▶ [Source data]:
[Start of section]

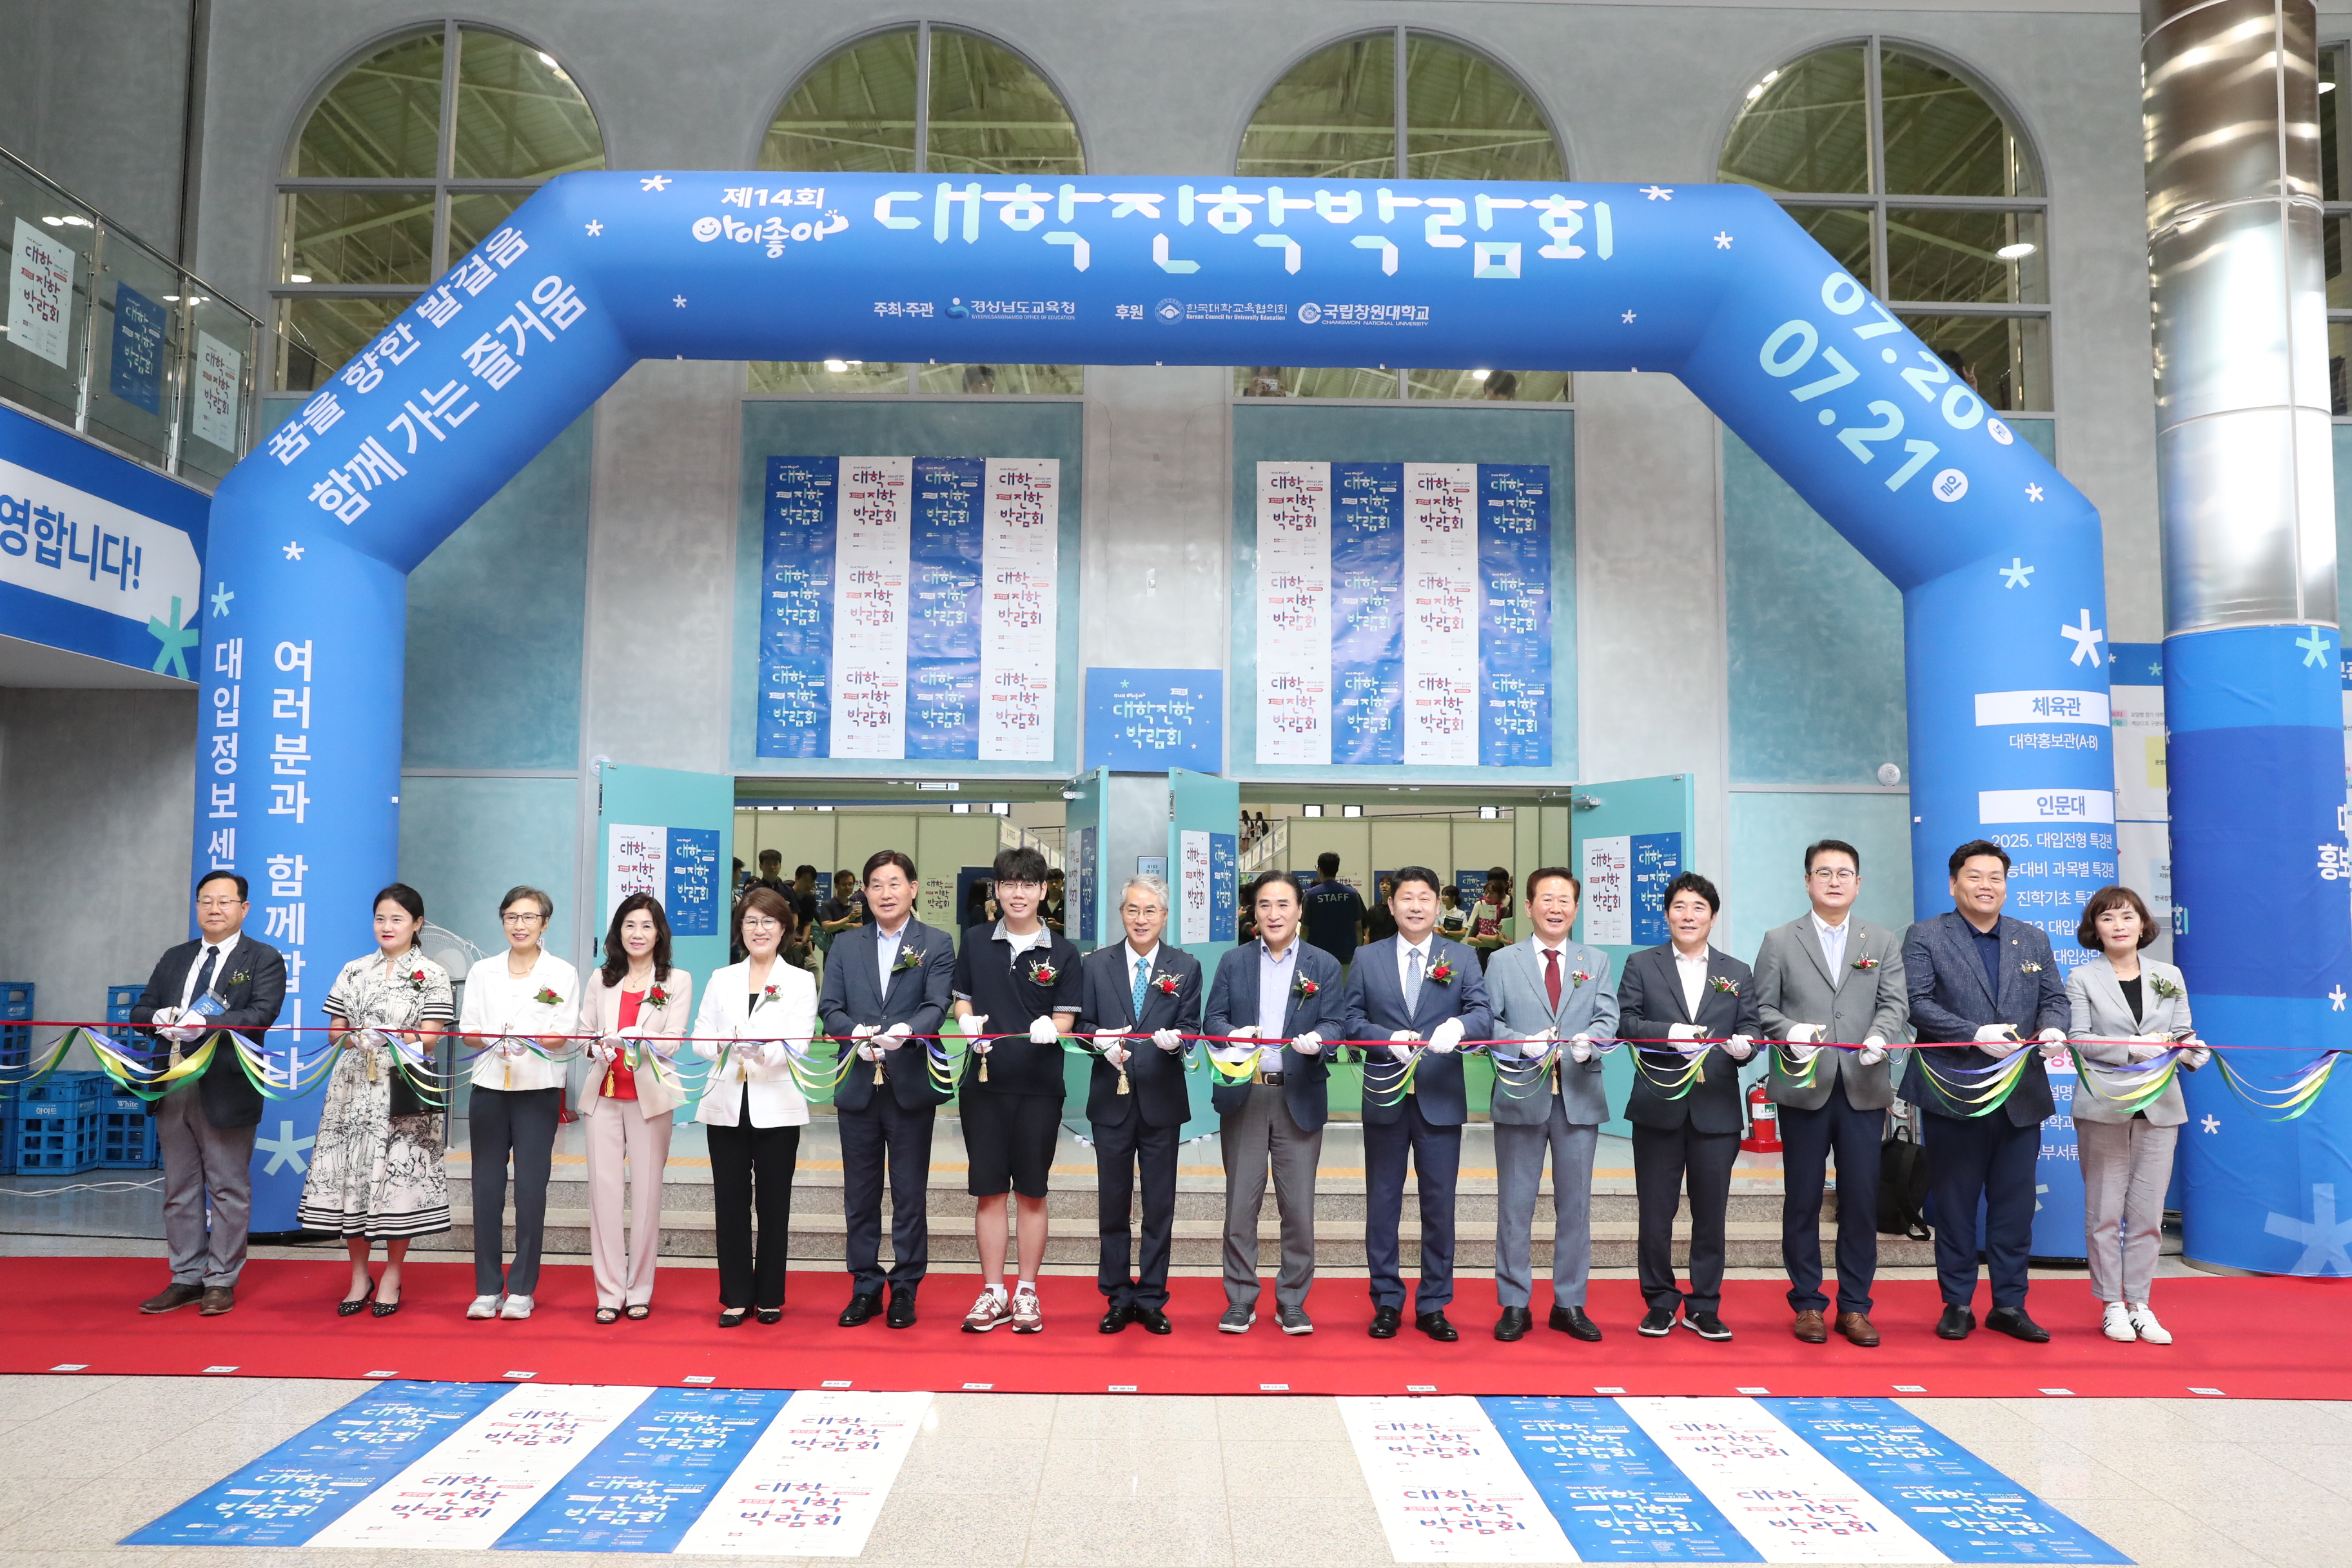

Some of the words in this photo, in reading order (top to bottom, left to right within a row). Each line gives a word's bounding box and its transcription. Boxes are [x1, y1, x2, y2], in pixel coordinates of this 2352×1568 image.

[721, 187, 825, 209] 제14회
[692, 210, 849, 258] 아이좋아
[874, 182, 1612, 279] 대학진학박람회
[25, 245, 52, 276] 대학
[36, 275, 61, 304] 진학
[24, 289, 59, 322] 박람회
[874, 302, 934, 317] 주최·주관
[971, 301, 1074, 314] 경상남도교육청
[1115, 304, 1143, 319] 후원
[1186, 302, 1288, 314] 한국대학교육협의회
[1323, 304, 1429, 320] 국립창원대학교
[126, 306, 149, 334] 대학
[135, 332, 155, 359] 진학
[268, 392, 347, 467] 꿈을
[340, 327, 422, 397] 향한
[415, 226, 531, 331] 발걸음
[1821, 271, 1984, 430] 07.20
[124, 346, 152, 376] 박람회
[206, 352, 225, 377] 대학
[213, 375, 230, 400] 진학
[204, 389, 229, 415] 박람회
[308, 437, 408, 527] 함께
[387, 380, 480, 455] 가는
[460, 274, 585, 392] 즐거움
[1759, 319, 1939, 493] 07.21
[779, 469, 813, 488] 대학
[853, 471, 885, 488] 대학
[925, 470, 959, 489] 대학
[999, 472, 1033, 489] 대학
[1271, 475, 1304, 493] 대학
[1344, 475, 1378, 495] 대학
[1418, 477, 1451, 495] 대학
[1491, 478, 1524, 496] 대학
[794, 488, 824, 507] 진학
[868, 489, 896, 507] 진학
[940, 491, 970, 508] 진학
[1014, 491, 1044, 509] 진학
[1286, 495, 1316, 512] 진학
[1360, 496, 1389, 513] 진학
[1433, 496, 1462, 513] 진학
[1506, 497, 1536, 515] 진학
[780, 505, 823, 525] 박람회
[854, 506, 896, 525] 박람회
[927, 506, 970, 526] 박람회
[1000, 508, 1043, 527] 박람회
[1273, 513, 1317, 531] 박람회
[1347, 513, 1390, 531] 박람회
[1420, 513, 1463, 532] 박람회
[1493, 514, 1536, 534] 박람회
[2033, 696, 2081, 716] 체육관
[268, 638, 313, 825] 여러분과
[1126, 723, 1182, 749] 박람회
[2010, 733, 2099, 750] 대학홍보관(A·B)
[207, 637, 244, 871] 대입정보센
[2037, 796, 2085, 816] 인문대
[1991, 835, 2032, 848] 2025.
[2037, 832, 2086, 848] 대입전형
[2090, 833, 2112, 849] 특강관
[620, 841, 646, 861] 대학
[676, 843, 701, 863] 대학
[1187, 847, 1200, 867] 대학
[1591, 853, 1612, 871] 대학
[2008, 862, 2048, 878] 능대비
[2053, 861, 2089, 877] 과목별
[2092, 862, 2114, 877] 특강관
[2317, 843, 2350, 881] 홍보
[632, 861, 654, 882] 진학
[687, 864, 709, 884] 진학
[1193, 868, 1204, 888] 진학
[927, 880, 945, 890] 대학
[1601, 872, 1620, 892] 진학
[678, 882, 709, 903] 박람회
[934, 890, 949, 899] 진학
[1188, 890, 1204, 908] 박람회
[1317, 893, 1349, 903] STAFF
[1593, 891, 1620, 912] 박람회
[2017, 890, 2072, 906] 진학기초
[928, 899, 950, 910] 박람회
[2049, 920, 2079, 936] 대입
[2051, 1084, 2075, 1101] 설명
[2037, 1144, 2079, 1161] 부서류
[255, 1472, 333, 1487] 대학
[421, 1475, 498, 1489] 대학
[586, 1479, 664, 1494] 대학
[268, 1487, 338, 1504] 진학
[440, 1490, 507, 1505] 진학
[754, 1483, 829, 1496] 대학
[1404, 1489, 1477, 1504] 대학
[1569, 1489, 1646, 1504] 대학
[1901, 1489, 1983, 1504] 대학
[215, 1500, 319, 1518] 박람회
[609, 1494, 678, 1510] 진학
[781, 1496, 848, 1513] 진학
[390, 1503, 492, 1520] 박람회
[564, 1507, 667, 1525] 박람회
[740, 1511, 841, 1527] 박람회
[1444, 1504, 1512, 1519] 진학
[1614, 1503, 1687, 1520] 진학
[1954, 1505, 2032, 1520] 진학
[1420, 1518, 1525, 1534] 박람회
[1594, 1516, 1703, 1535] 박람회
[1942, 1519, 2055, 1535] 박람회
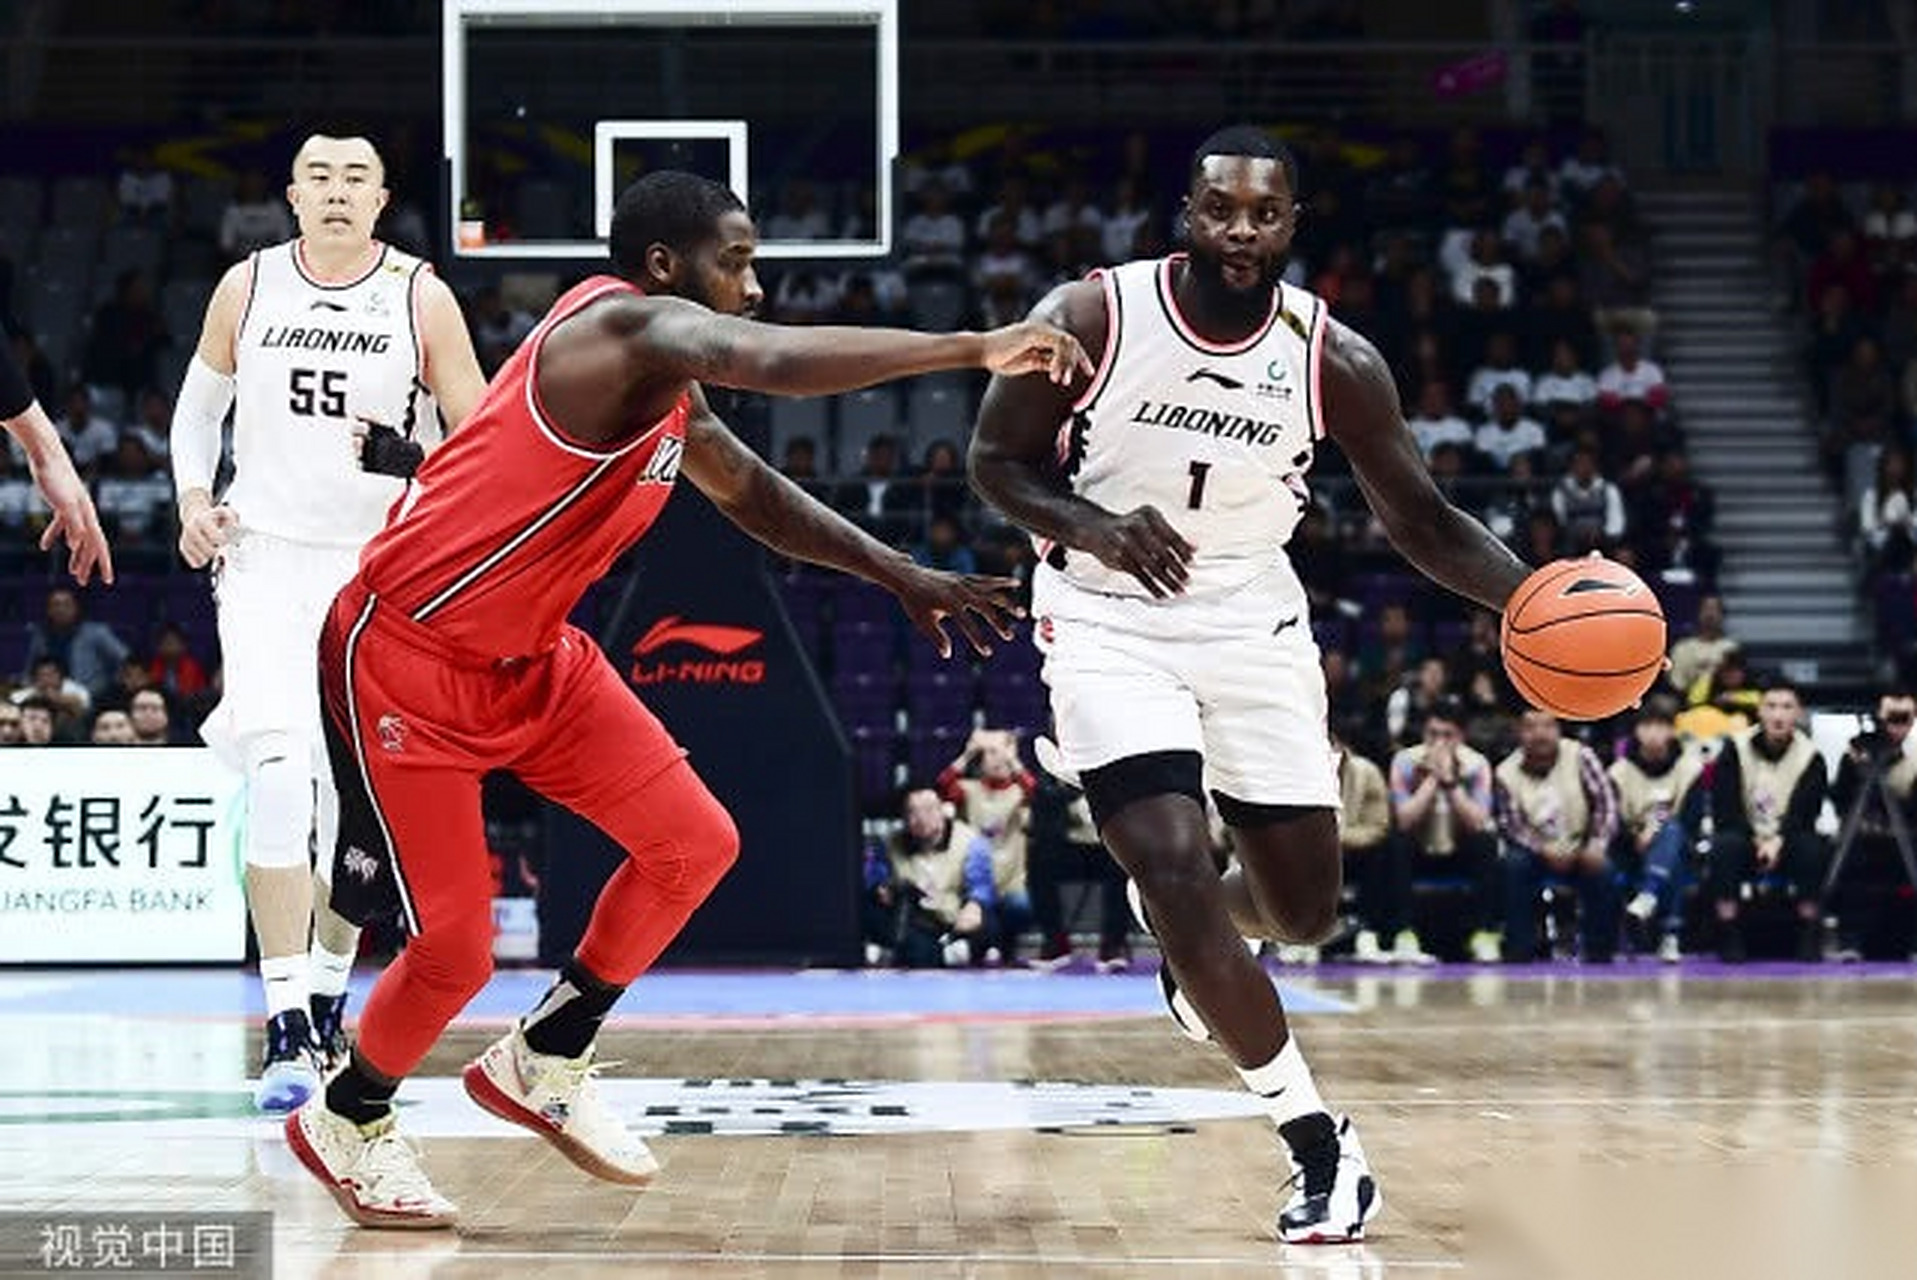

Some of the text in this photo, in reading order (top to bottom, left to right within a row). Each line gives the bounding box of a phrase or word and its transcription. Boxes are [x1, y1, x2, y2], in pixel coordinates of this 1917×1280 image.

[261, 326, 392, 356] LIAONING
[289, 368, 348, 418] 55
[1131, 401, 1283, 446] LIAONING
[1187, 460, 1212, 510] 1
[632, 660, 765, 684] LI-NING
[129, 889, 213, 912] BANK

[End of section]

▶ [Your task]:
Without including a single picture, restate all of the data word for word.

▶ [Your solution]:
Some of the words in this photo, in reading order (top to bottom, left to right within a row). Each line gives a word's bounding box and its transcription. Boxes are [x1, y1, x2, y2], in pixel coordinates of this 2352×1568 image.

[721, 187, 825, 209] 제14회
[692, 210, 849, 258] 아이좋아
[874, 182, 1612, 279] 대학진학박람회
[25, 245, 52, 276] 대학
[36, 275, 61, 304] 진학
[24, 289, 59, 322] 박람회
[874, 302, 934, 317] 주최·주관
[971, 301, 1074, 314] 경상남도교육청
[1115, 304, 1143, 319] 후원
[1186, 302, 1288, 314] 한국대학교육협의회
[1323, 304, 1429, 320] 국립창원대학교
[126, 306, 149, 334] 대학
[135, 332, 155, 359] 진학
[268, 392, 347, 467] 꿈을
[340, 327, 422, 397] 향한
[415, 226, 531, 331] 발걸음
[1821, 271, 1984, 430] 07.20
[124, 346, 152, 376] 박람회
[206, 352, 225, 377] 대학
[213, 375, 230, 400] 진학
[204, 389, 229, 415] 박람회
[308, 437, 408, 527] 함께
[387, 380, 480, 455] 가는
[460, 274, 585, 392] 즐거움
[1759, 319, 1939, 493] 07.21
[779, 469, 813, 488] 대학
[853, 471, 885, 488] 대학
[925, 470, 959, 489] 대학
[999, 472, 1033, 489] 대학
[1271, 475, 1304, 493] 대학
[1344, 475, 1378, 495] 대학
[1418, 477, 1451, 495] 대학
[1491, 478, 1524, 496] 대학
[794, 488, 824, 507] 진학
[868, 489, 896, 507] 진학
[940, 491, 970, 508] 진학
[1014, 491, 1044, 509] 진학
[1286, 495, 1316, 512] 진학
[1360, 496, 1389, 513] 진학
[1433, 496, 1462, 513] 진학
[1506, 497, 1536, 515] 진학
[780, 505, 823, 525] 박람회
[854, 506, 896, 525] 박람회
[927, 506, 970, 526] 박람회
[1000, 508, 1043, 527] 박람회
[1273, 513, 1317, 531] 박람회
[1347, 513, 1390, 531] 박람회
[1420, 513, 1463, 532] 박람회
[1493, 514, 1536, 534] 박람회
[2033, 696, 2081, 716] 체육관
[268, 638, 313, 825] 여러분과
[1126, 723, 1182, 749] 박람회
[2010, 733, 2099, 750] 대학홍보관(A·B)
[207, 637, 244, 871] 대입정보센
[2037, 796, 2085, 816] 인문대
[1991, 835, 2032, 848] 2025.
[2037, 832, 2086, 848] 대입전형
[2090, 833, 2112, 849] 특강관
[620, 841, 646, 861] 대학
[676, 843, 701, 863] 대학
[1187, 847, 1200, 867] 대학
[1591, 853, 1612, 871] 대학
[2008, 862, 2048, 878] 능대비
[2053, 861, 2089, 877] 과목별
[2092, 862, 2114, 877] 특강관
[2317, 843, 2350, 881] 홍보
[632, 861, 654, 882] 진학
[687, 864, 709, 884] 진학
[1193, 868, 1204, 888] 진학
[927, 880, 945, 890] 대학
[1601, 872, 1620, 892] 진학
[678, 882, 709, 903] 박람회
[934, 890, 949, 899] 진학
[1188, 890, 1204, 908] 박람회
[1317, 893, 1349, 903] STAFF
[1593, 891, 1620, 912] 박람회
[2017, 890, 2072, 906] 진학기초
[928, 899, 950, 910] 박람회
[2049, 920, 2079, 936] 대입
[2051, 1084, 2075, 1101] 설명
[2037, 1144, 2079, 1161] 부서류
[255, 1472, 333, 1487] 대학
[421, 1475, 498, 1489] 대학
[586, 1479, 664, 1494] 대학
[268, 1487, 338, 1504] 진학
[440, 1490, 507, 1505] 진학
[754, 1483, 829, 1496] 대학
[1404, 1489, 1477, 1504] 대학
[1569, 1489, 1646, 1504] 대학
[1901, 1489, 1983, 1504] 대학
[215, 1500, 319, 1518] 박람회
[609, 1494, 678, 1510] 진학
[781, 1496, 848, 1513] 진학
[390, 1503, 492, 1520] 박람회
[564, 1507, 667, 1525] 박람회
[740, 1511, 841, 1527] 박람회
[1444, 1504, 1512, 1519] 진학
[1614, 1503, 1687, 1520] 진학
[1954, 1505, 2032, 1520] 진학
[1420, 1518, 1525, 1534] 박람회
[1594, 1516, 1703, 1535] 박람회
[1942, 1519, 2055, 1535] 박람회

Some of the text in this photo, in reading order (top to bottom, left to right within a row). Each line gives the bounding box of a phrase or word and its transcription. Boxes are [x1, y1, x2, y2], in pixel coordinates of this 1917×1280 image.

[261, 326, 392, 356] LIAONING
[289, 368, 348, 418] 55
[1131, 401, 1283, 446] LIAONING
[1187, 460, 1212, 510] 1
[632, 660, 765, 684] LI-NING
[129, 889, 213, 912] BANK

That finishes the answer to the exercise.